WHAT YOU SHOULD DO:
Omit the pictures and reproduce the rest of the listing exactly.

EXERCISE DATA:
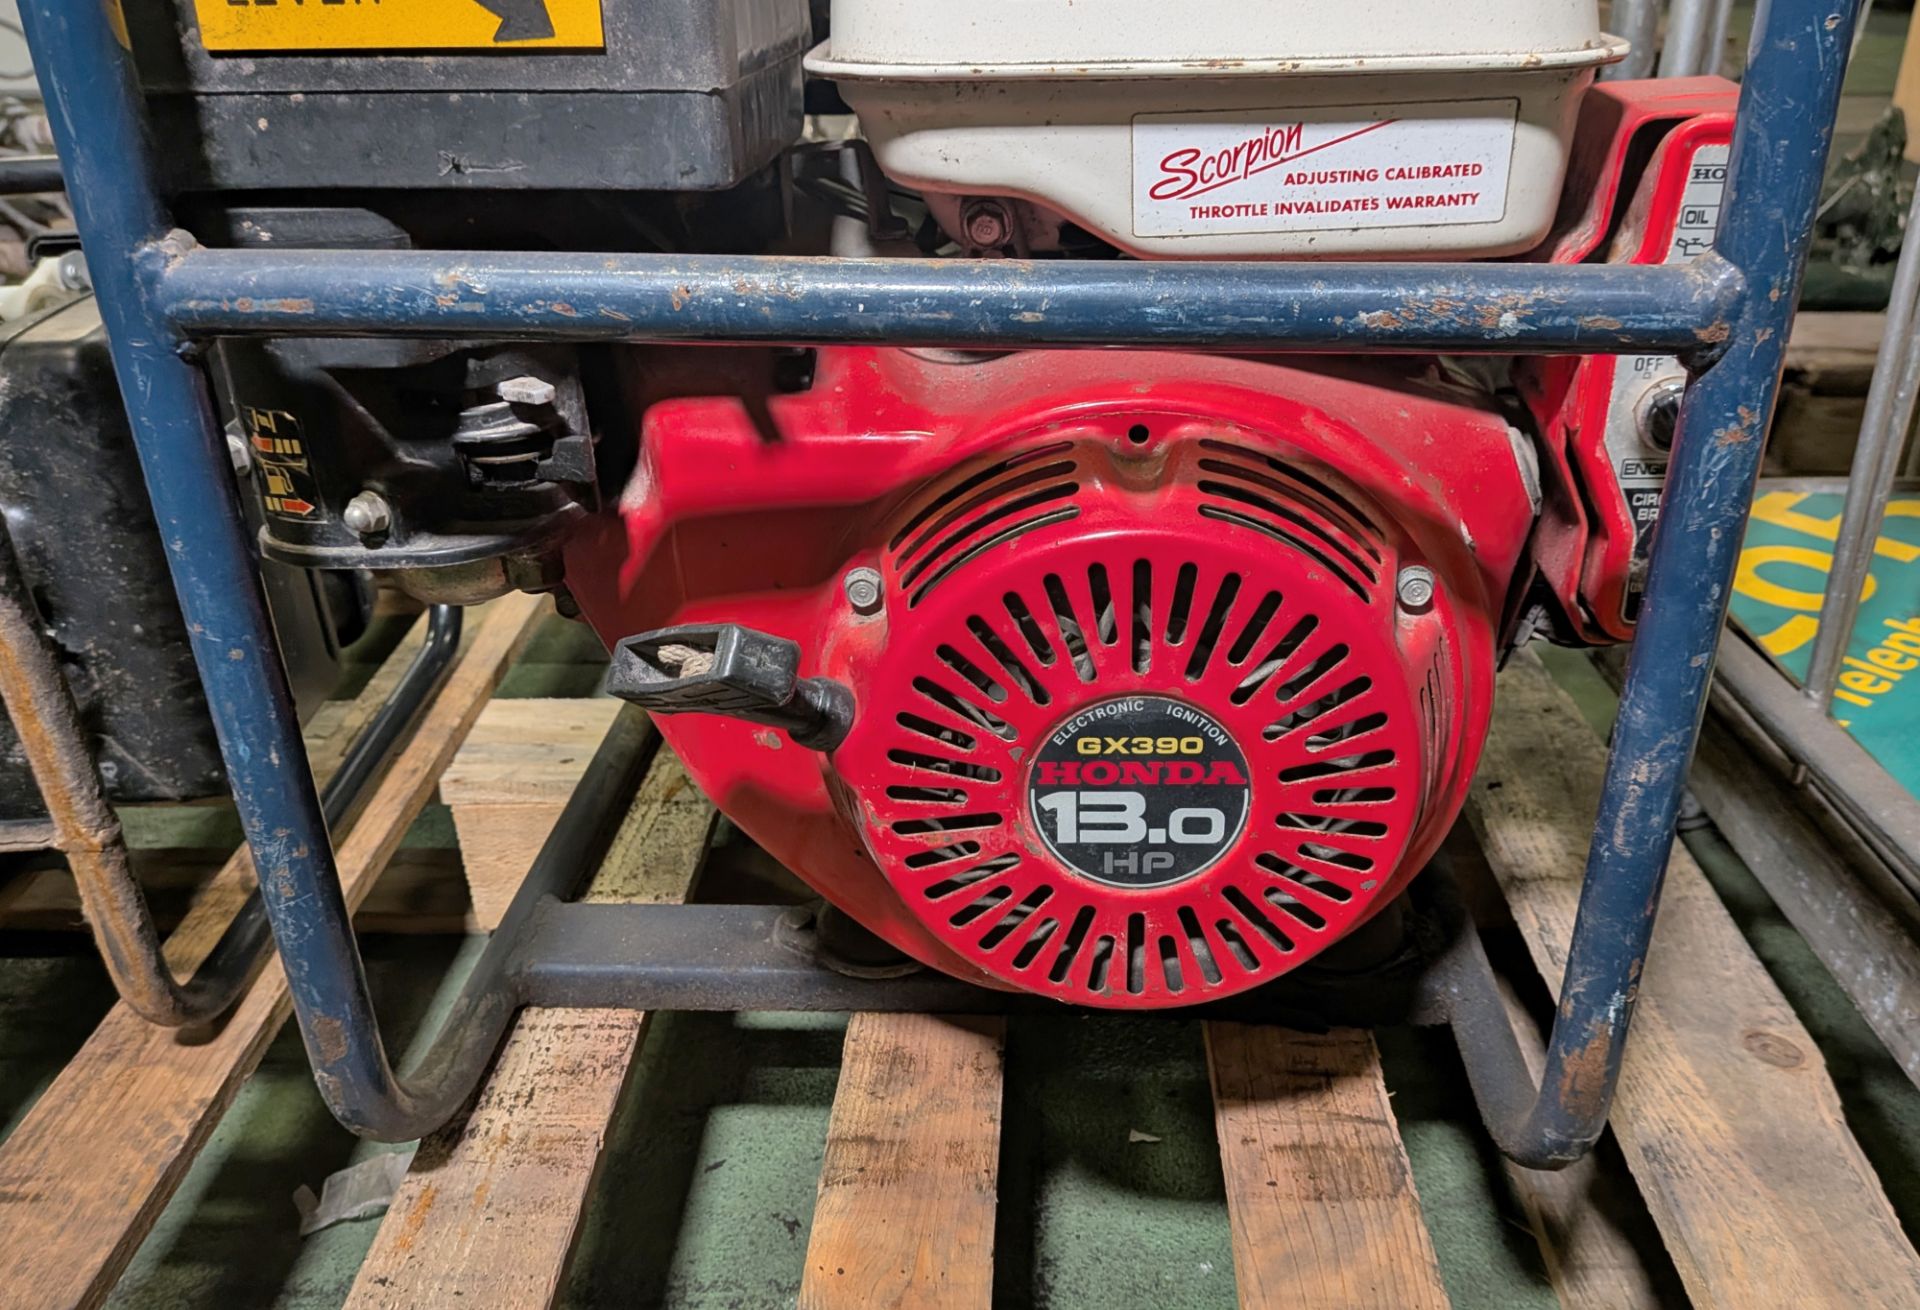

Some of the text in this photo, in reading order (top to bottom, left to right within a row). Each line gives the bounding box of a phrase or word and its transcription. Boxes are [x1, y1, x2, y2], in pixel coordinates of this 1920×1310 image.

[1149, 121, 1304, 200] Scorpion
[1284, 163, 1483, 186] ADJUSTING CALIBRATED
[1189, 192, 1480, 219] THROTTLE INVALIDATES WARRANTY
[1685, 210, 1709, 224] OIL
[1634, 357, 1664, 372] OFF
[1052, 699, 1229, 747] ELECTRONIC IGNITION
[1076, 736, 1204, 755] GX390
[1037, 761, 1248, 786] HONDA
[1038, 791, 1226, 844] 13.0
[1103, 851, 1175, 875] HP
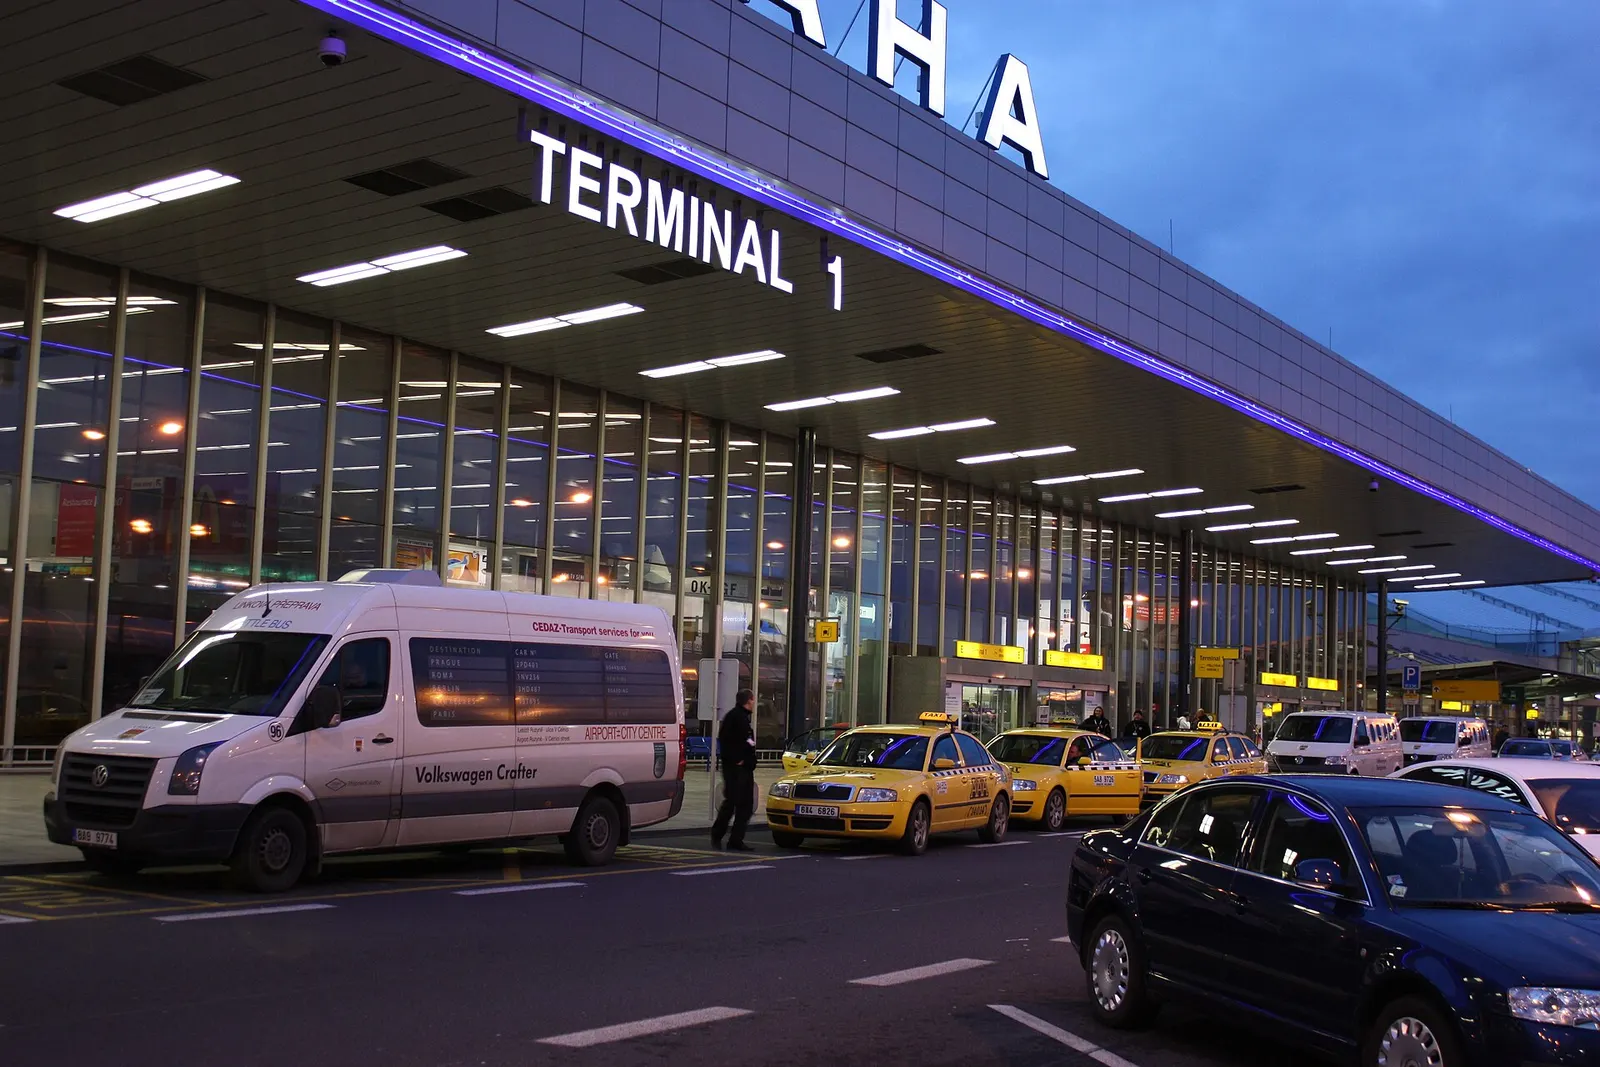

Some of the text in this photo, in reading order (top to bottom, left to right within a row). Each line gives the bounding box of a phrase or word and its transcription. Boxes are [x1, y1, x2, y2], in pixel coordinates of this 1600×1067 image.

RESULT OF THIS EXERCISE:
Some of the text in this photo, in reading order (top to bottom, left to right within a row). Each line gives the bounding box of a phrase or word and its transcription. Boxes are [x1, y1, x2, y2], in pixel coordinates of this 1920×1310 image.

[1149, 121, 1304, 200] Scorpion
[1284, 163, 1483, 186] ADJUSTING CALIBRATED
[1189, 192, 1480, 219] THROTTLE INVALIDATES WARRANTY
[1685, 210, 1709, 224] OIL
[1634, 357, 1664, 372] OFF
[1052, 699, 1229, 747] ELECTRONIC IGNITION
[1076, 736, 1204, 755] GX390
[1037, 761, 1248, 786] HONDA
[1038, 791, 1226, 844] 13.0
[1103, 851, 1175, 875] HP

Some of the text in this photo, in reading order (top to bottom, left to right within a row). Each line gives the bounding box of a phrase or word and its transcription. Boxes are [x1, y1, x2, y2], in pixel coordinates of this 1600×1067 image.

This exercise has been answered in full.